Cuando se publica un libro, todo es alrededor silencio. Estoy contenta con la edición, pero soy la única. Bueno, se lo mandé a mi prima de Uruguay y le encantó recibirlo. La empleada de Correos, que me tiene vista, me preguntó si hacía el envío a mi hija. «No, a mi prima», le dije, pero me inquietó la vida que hubiera ocurrido si escribiera a Uruguay a la hija que no tengo. El hijo que tengo está en Londres, pero no se lo he enviado. Le mandé una foto por wassap. Me dijo: enhorabuena, mami; así, todo escrito en minúscula.
viernes, 1 de enero de 2021
Pequeño cuento de Año Nuevo
En cada inicio se esconde una falacia. En el de las palabras el fraude del significado, fruto cuyo dulzor deja la promesa de una semilla que se lanza al otro lado del camino. En el de los cuentos, la farsa de que la memoria los ha conservado, miel dentro de un tarro en lo alto de la alacena, a lo largo del tiempo que hubo una vez. En el de la escritura el embuste de que fue regalo de los dioses, un mar que nutre los ríos y los arroyos y alcanza el manantial y se adentra en la roca.
lunes, 28 de diciembre de 2020
Cuentos del hada jubilada (vigésimo segundo)
Os diré lo que me ocurrió el año pasado. Minutos antes de la medianoche decidí subir a las almenas para desde la altura despedirme del viejo año. Ascendí por la escalera de caracol, a oscuras a aquellas horas y al llegar arriba encontré cerrada la verja. Me di la vuelta y descendí casi rodando, pero llegué demasiado tarde. Alguien había clausurado la puerta de acceso. Grité, claro, pero mis berridos se perdieron en mitad de la algazara general por la venida del nuevo año. Solo, sin copa con qué brindar, muerto de frío, abandonado. ¿Habré de despedir dos años este?
miércoles, 23 de diciembre de 2020
Cuentos del hada jubilada (vigésimo primero)
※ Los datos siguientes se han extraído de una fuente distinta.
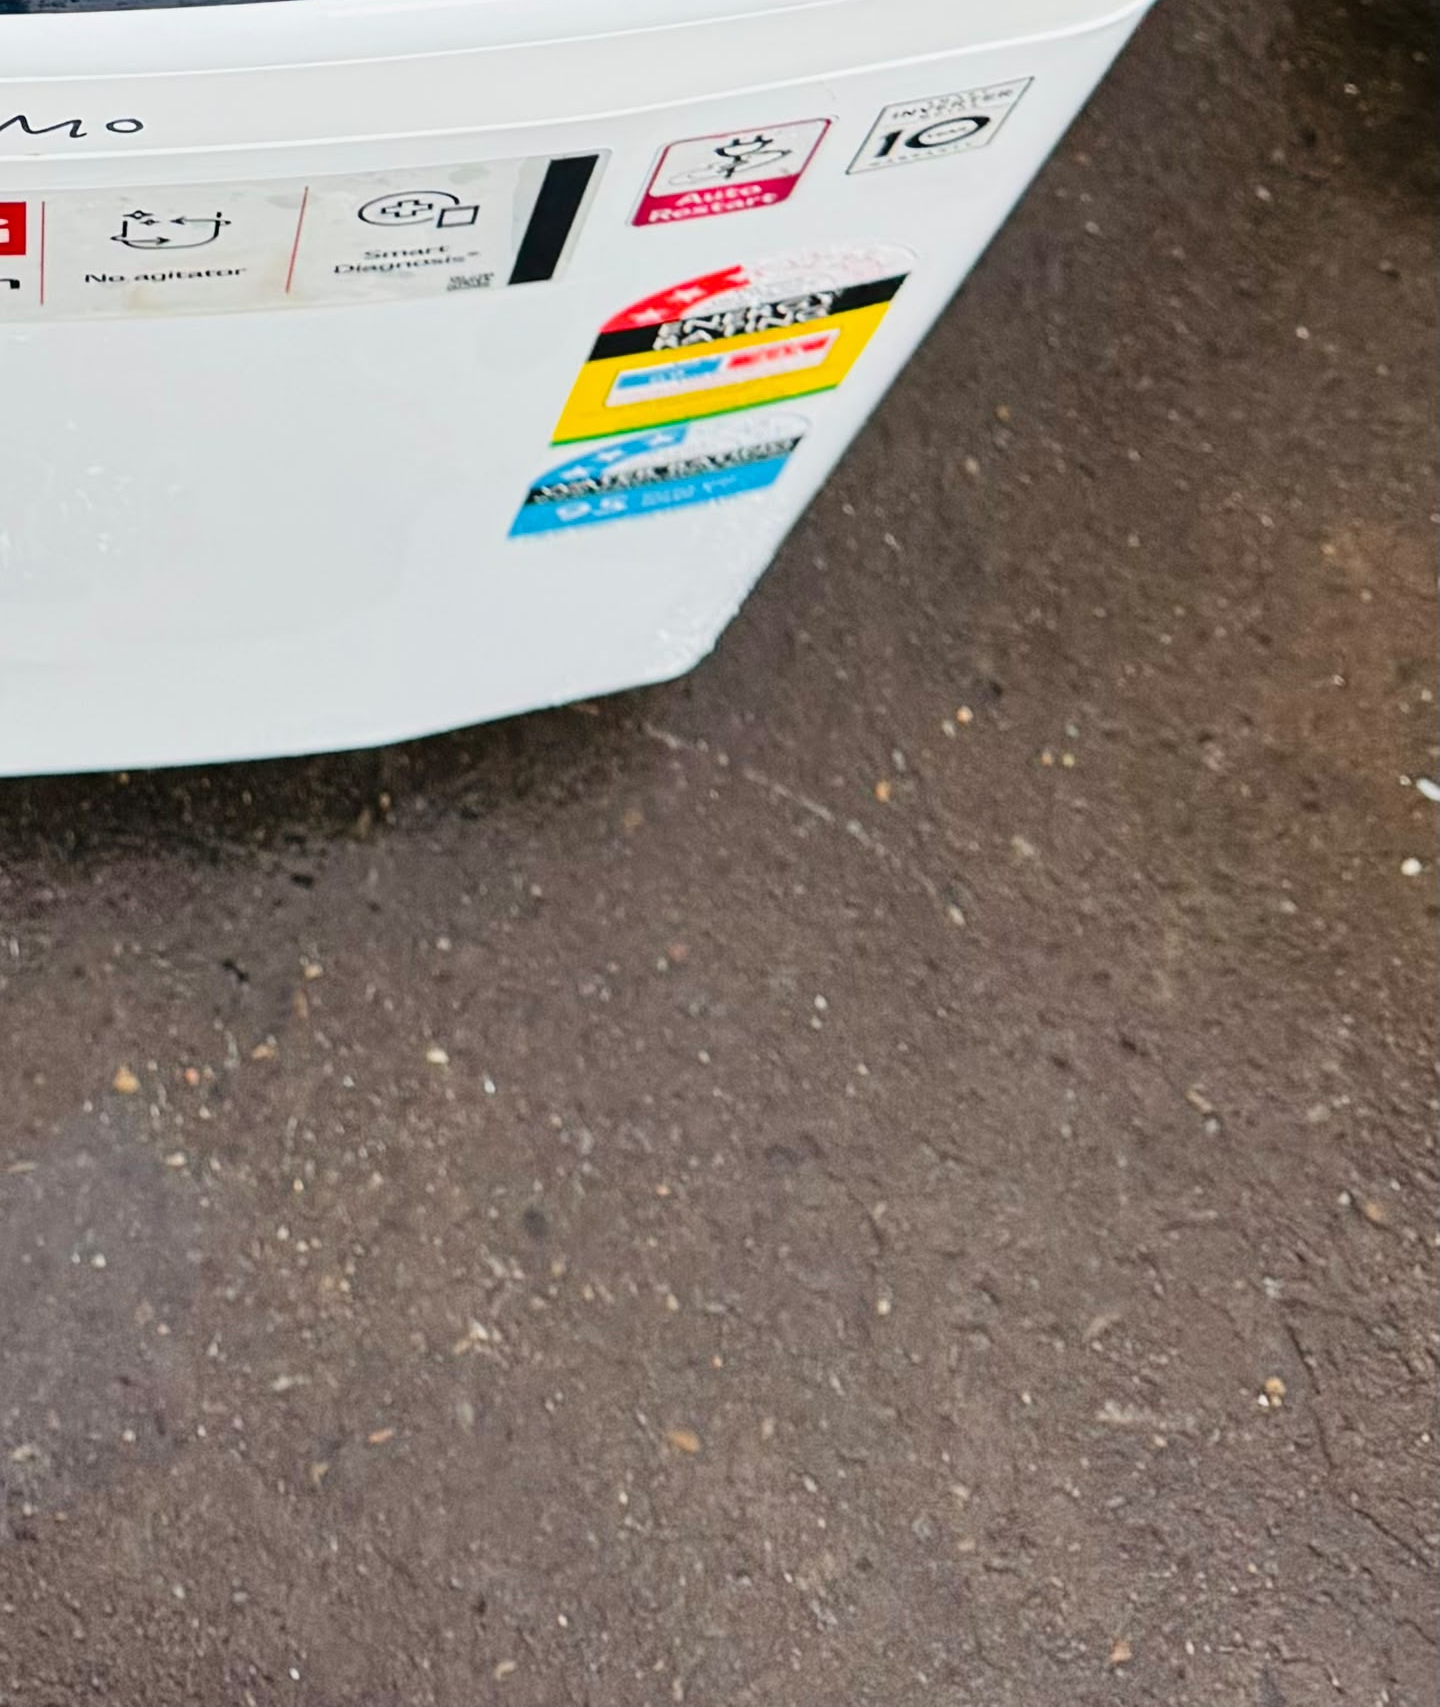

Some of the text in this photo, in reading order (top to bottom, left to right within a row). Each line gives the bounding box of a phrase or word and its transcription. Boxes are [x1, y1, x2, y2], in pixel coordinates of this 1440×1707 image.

[676, 184, 763, 207] Auto
[648, 192, 778, 223] Restart
[363, 243, 450, 260] Smart
[85, 266, 247, 284] No agitator
El desierto es sed que se manifiesta con el vacío. No es grito, como los bosques. Tampoco oración, como son los ríos. Ni la melodía de las nubes. El desierto, cauce de un deseo. Agua que no está regando. Sombras que no habitan. Es voces que no celebran. Una mirada sedienta de realidades, el desierto. A veces, también, un oasis. Un hilo de humo que sutura lo real en lo irreal. Las palmeras, una rana que chapotea por la orilla. El oasis es un desierto que ha dejado de tener sed. Deseos que se transforman en una mata con flores.
sábado, 19 de diciembre de 2020
Cuentos del hada jubilada (vigésimo)
Los cisnes avanzan por el centro del río. Se han lavado y limpiado con el pico, y han realizado sus cantos rituales. Ahora desfilan. Uno tras otro. Son los amos del tiempo. Por no verles, cuando atraviesan su territorio, los patos sumergen la cabeza en el agua con más frecuencia que de costumbre, como si de repente les entrara un ataque de hambre. Las gaviotas les graznan. Reunidas en su reducto, aprovechan su cualidad de muchedumbre para abandonar su descanso y lanzarles, a coro desangelado, sus chillidos. Los cisnes, ni se inmutan. Han nacido solo para posar en cuadros románticos.
lunes, 14 de diciembre de 2020
Cuentos del hada jubilada (decimonoveno)
Abandonado entre las flores queda un botón de oscuridad que la noche olvida recoger. La abeja lo encuentra. Sin atreverse a acercarse, se acerca. No percibe aromas en las inmediaciones ni su color presagia dulzores. Es más bien un agujero mal colocado en la realidad. Algo atrae al insecto hacia el fragmento oscuro. Tampoco es sonido ni textura. Quizá sea una idea, quién sabe. Pero lo cierto es que nada de cuanto ve delante está contemplado en las instrucciones del trabajo que en nombre de la reina de la colmena desempeña a diario. Y si fuera algo prohibido, ¿cómo perdérselo?
miércoles, 9 de diciembre de 2020
La siesta de un fauno | L’âme
No dejará la luz ningún destello, ni siquiera sobre la superficie del lago, ciega de tan ávida por mostrar cuanto ve. Ningún sonido en el vacío creado por el sueño de los durmientes. Y aunque me desvele, no sabré descubrir otro camino que no sea el del regreso. La ropa usada dentro de una maleta y, fuera, las canciones cuyos estribillos tararea la memoria sin saber qué dicen. Un ir que ya se parece a volver en el gesto distendido de quien pretende saludar a quien ve en el espejo. La luciérnaga que no salta de un tronco al siguiente.